== Action item ==
Your answer must consist of the records exactly as given, with no pictures included.

== Raw data ==
§
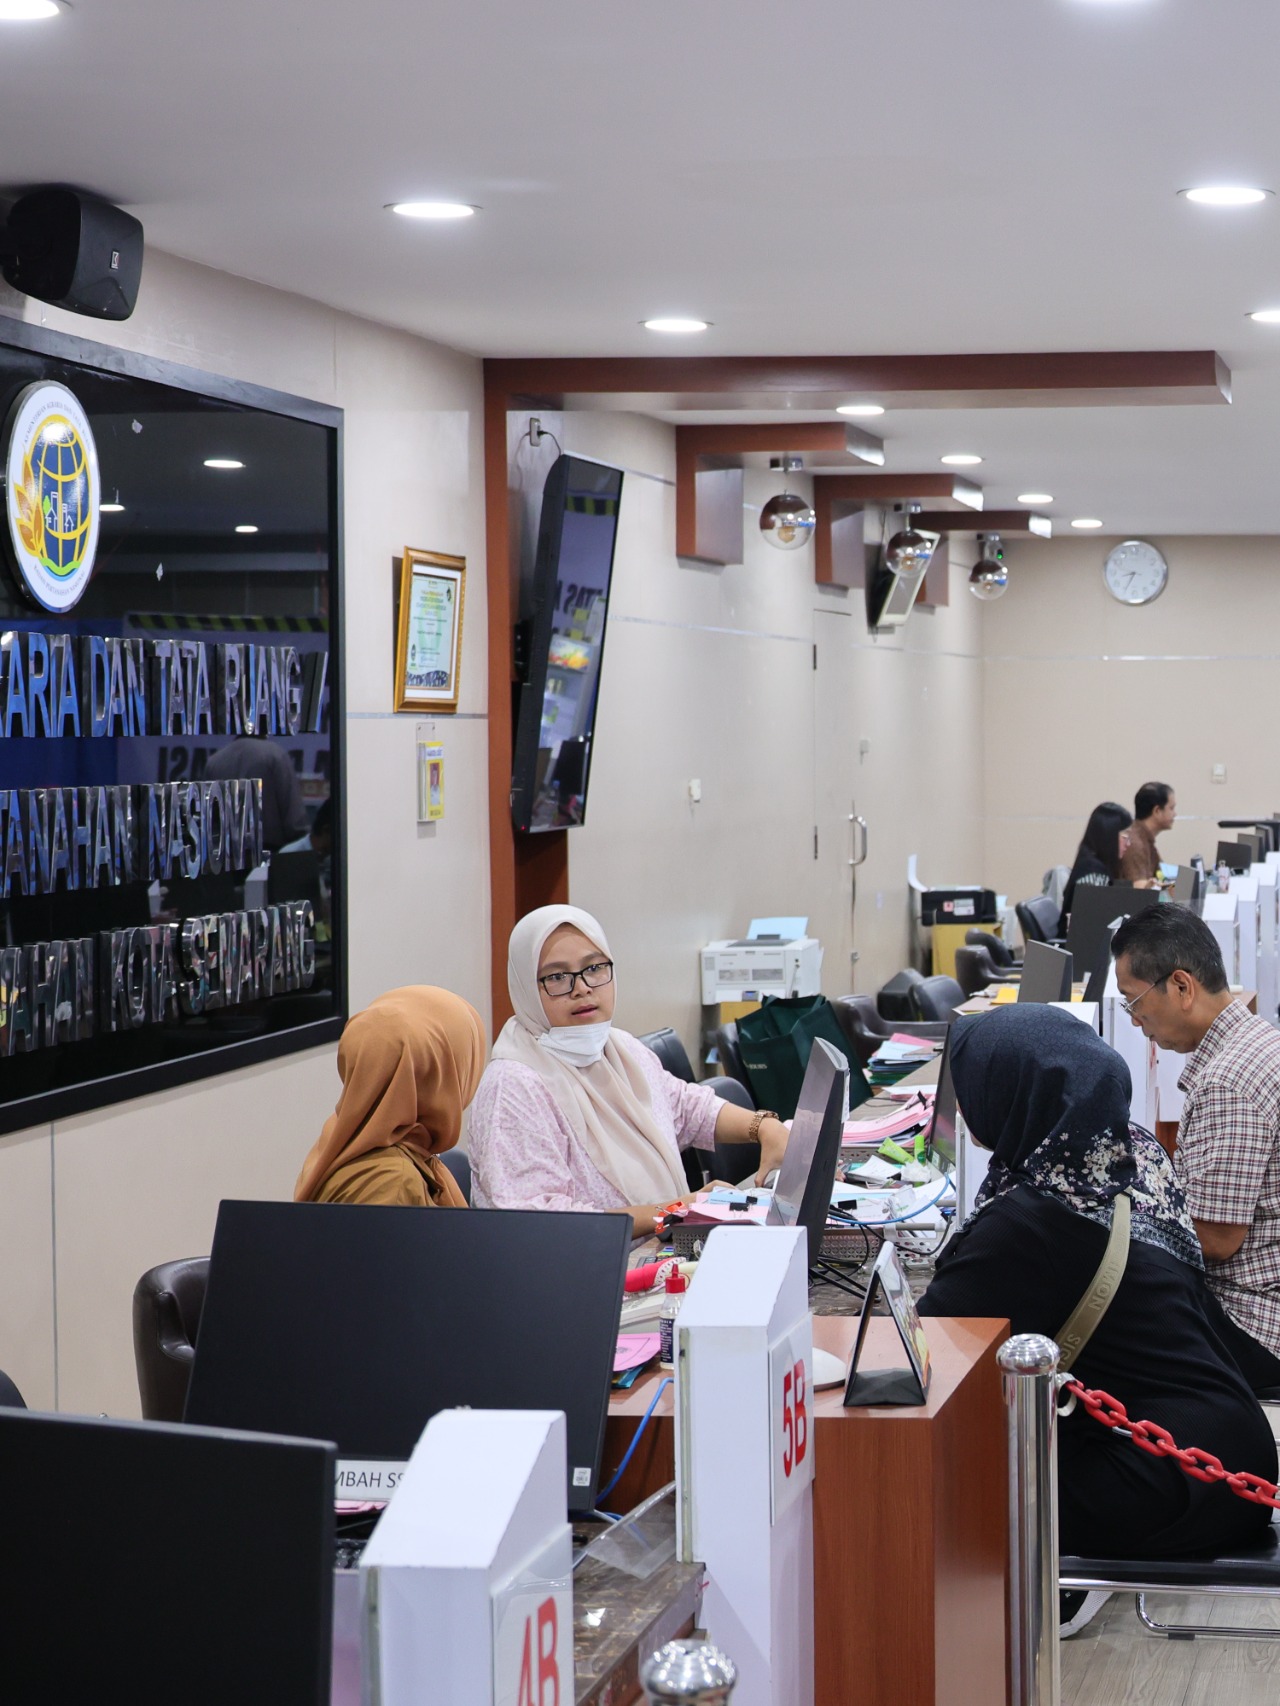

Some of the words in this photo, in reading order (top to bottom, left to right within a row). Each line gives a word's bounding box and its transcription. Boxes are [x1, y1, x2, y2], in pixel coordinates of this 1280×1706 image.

[0, 630, 81, 738] ARIA
[88, 635, 146, 738] DAN
[153, 639, 213, 736] TATA
[225, 643, 301, 736] RUANG
[149, 778, 271, 880] NASIONAL
[110, 926, 179, 1033] KOTA
[181, 900, 315, 1016] SEMARANG
[783, 1358, 807, 1478] 5B
[518, 1596, 560, 1706] 4B
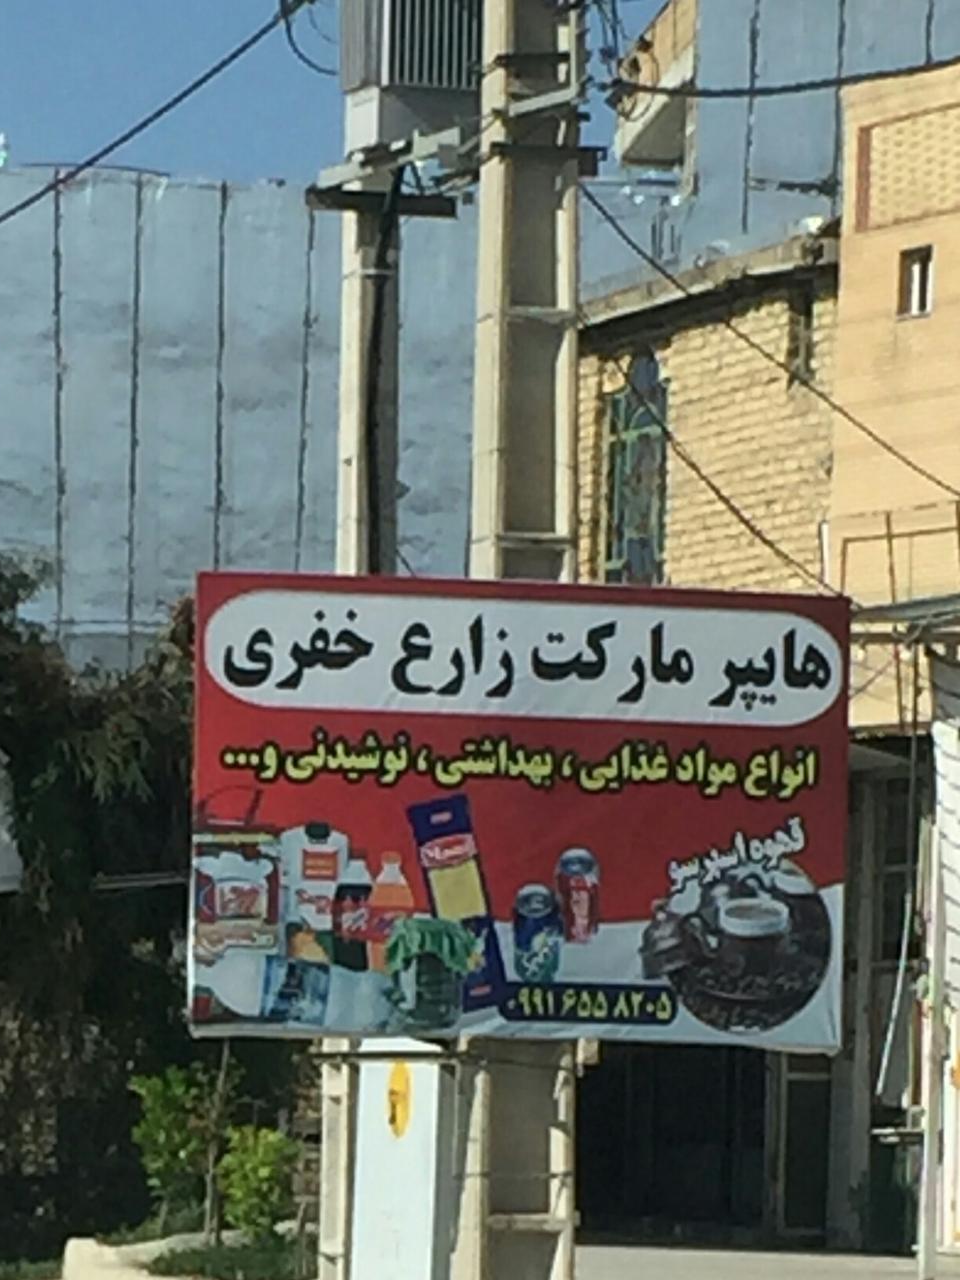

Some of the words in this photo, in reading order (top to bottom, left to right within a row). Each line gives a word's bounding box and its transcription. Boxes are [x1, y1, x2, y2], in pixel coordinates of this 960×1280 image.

[223, 608, 374, 690] خفری
[392, 613, 515, 698] زارع
[531, 621, 695, 703] مارکت
[708, 628, 832, 711] هایپر
[285, 729, 410, 784] نوشیدنی
[675, 746, 737, 796] مواد
[743, 748, 817, 798] انواع
[748, 815, 806, 869] قهوه
§
== Answer section ==
Some of the words in this photo, in reading order (top to bottom, left to right within a row). Each line gives a word's bounding box and its transcription. Boxes are [x1, y1, x2, y2], in pixel coordinates of this 1280×1706 image.

[0, 630, 81, 738] ARIA
[88, 635, 146, 738] DAN
[153, 639, 213, 736] TATA
[225, 643, 301, 736] RUANG
[149, 778, 271, 880] NASIONAL
[110, 926, 179, 1033] KOTA
[181, 900, 315, 1016] SEMARANG
[783, 1358, 807, 1478] 5B
[518, 1596, 560, 1706] 4B

Some of the words in this photo, in reading order (top to bottom, left to right within a row). Each line gives a word's bounding box and its transcription. Boxes are [x1, y1, x2, y2], in pixel coordinates of this 960×1280 image.

[223, 608, 374, 690] خفری
[392, 613, 515, 698] زارع
[531, 621, 695, 703] مارکت
[708, 628, 832, 711] هایپر
[285, 729, 410, 784] نوشیدنی
[675, 746, 737, 796] مواد
[743, 748, 817, 798] انواع
[748, 815, 806, 869] قهوه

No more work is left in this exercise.